'''
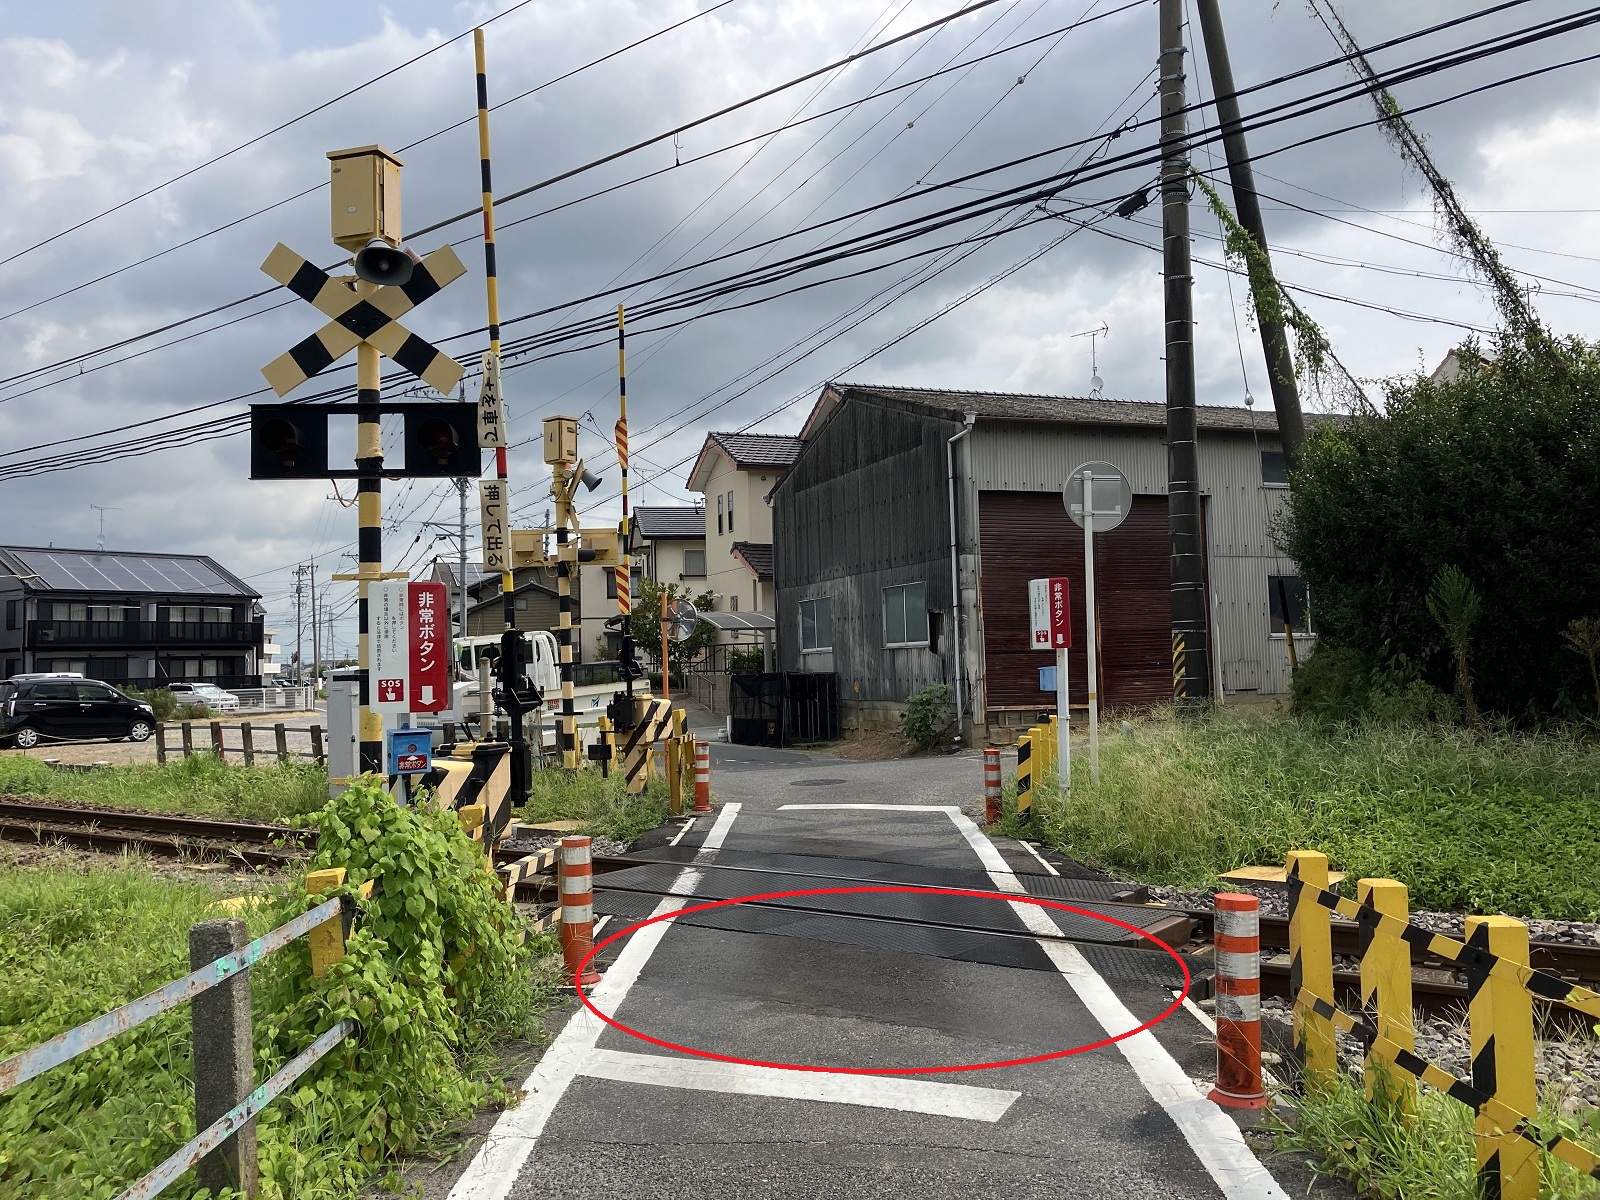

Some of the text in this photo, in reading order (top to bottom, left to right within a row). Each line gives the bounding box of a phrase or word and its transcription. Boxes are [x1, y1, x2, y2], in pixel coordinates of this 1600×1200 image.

[484, 485, 503, 566] 押して出る
[418, 592, 436, 671] 非常ボタン
[1054, 583, 1063, 627] 非常ボタン
[381, 680, 401, 688] SOS
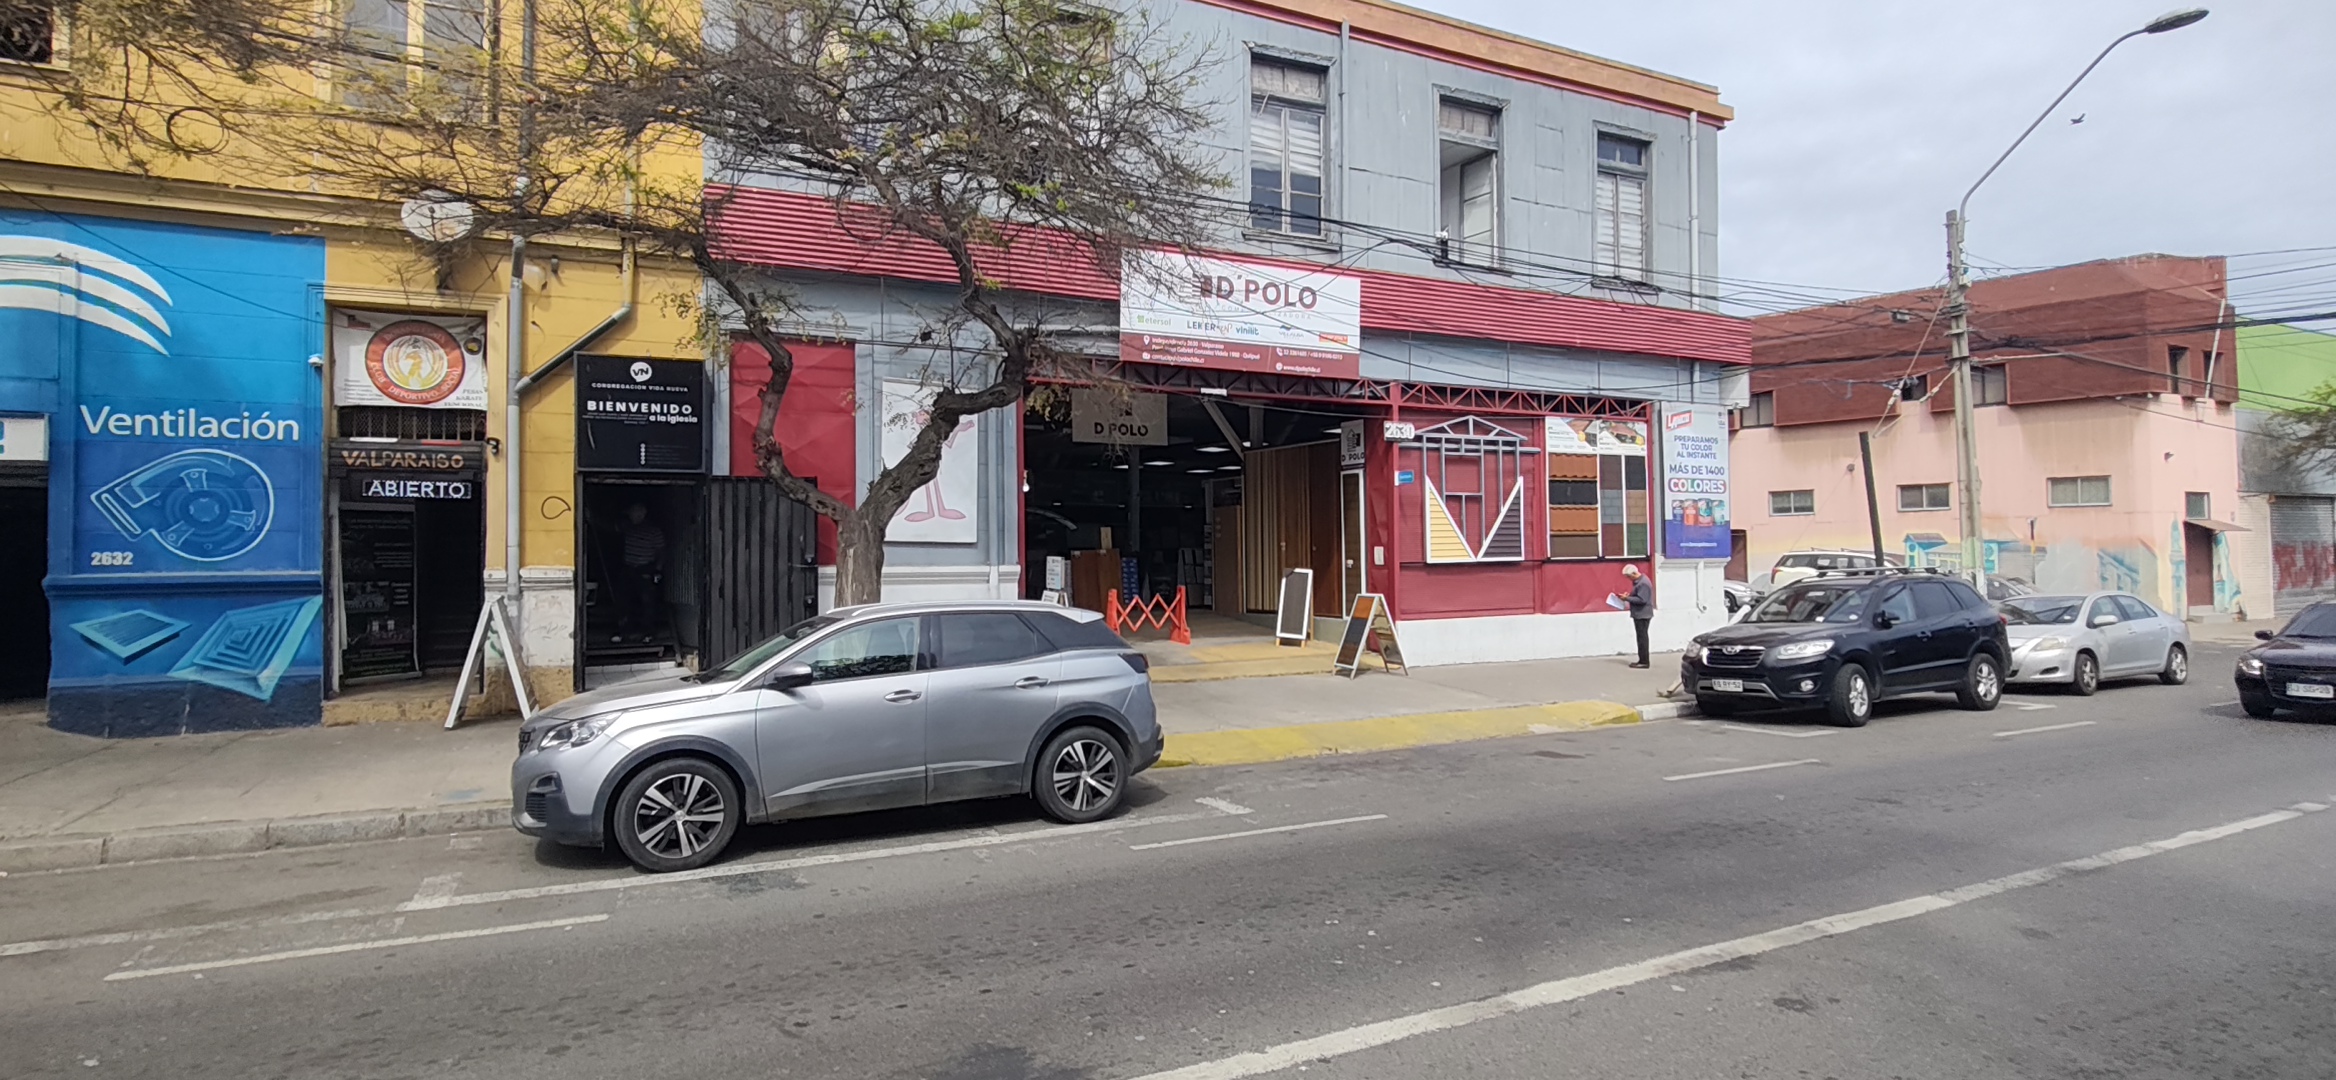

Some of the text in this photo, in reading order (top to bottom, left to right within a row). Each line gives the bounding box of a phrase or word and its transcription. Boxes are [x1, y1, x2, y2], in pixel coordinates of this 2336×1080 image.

[388, 385, 439, 401] DEPORTIVO
[586, 400, 693, 415] BIENVENIDO
[80, 405, 300, 442] Ventilación
[657, 414, 667, 422] la
[667, 414, 699, 425] iglesia
[1384, 422, 1416, 440] 2630
[1673, 435, 1719, 445] PREPARAMOS
[1680, 443, 1713, 452] TU COLOR
[340, 450, 465, 469] VALPARAISO
[1676, 451, 1717, 460] AL INSTANTE
[1669, 462, 1725, 476] MÁS DE 1400
[368, 479, 466, 499] ABIERTO
[1669, 478, 1725, 493] COLORES
[90, 551, 134, 567] 2632
'''
PROBLEM DETAILS:
The full listing above, duplicated exactly and without its pictures, is the answer.

PROBLEM SOLUTION:
Some of the text in this photo, in reading order (top to bottom, left to right within a row). Each line gives the bounding box of a phrase or word and its transcription. Boxes are [x1, y1, x2, y2], in pixel coordinates of this 1600×1200 image.

[484, 485, 503, 566] 押して出る
[418, 592, 436, 671] 非常ボタン
[1054, 583, 1063, 627] 非常ボタン
[381, 680, 401, 688] SOS

Some of the text in this photo, in reading order (top to bottom, left to right within a row). Each line gives the bounding box of a phrase or word and its transcription. Boxes are [x1, y1, x2, y2], in pixel coordinates of this 2336×1080 image.

[388, 385, 439, 401] DEPORTIVO
[586, 400, 693, 415] BIENVENIDO
[80, 405, 300, 442] Ventilación
[657, 414, 667, 422] la
[667, 414, 699, 425] iglesia
[1384, 422, 1416, 440] 2630
[1673, 435, 1719, 445] PREPARAMOS
[1680, 443, 1713, 452] TU COLOR
[340, 450, 465, 469] VALPARAISO
[1676, 451, 1717, 460] AL INSTANTE
[1669, 462, 1725, 476] MÁS DE 1400
[368, 479, 466, 499] ABIERTO
[1669, 478, 1725, 493] COLORES
[90, 551, 134, 567] 2632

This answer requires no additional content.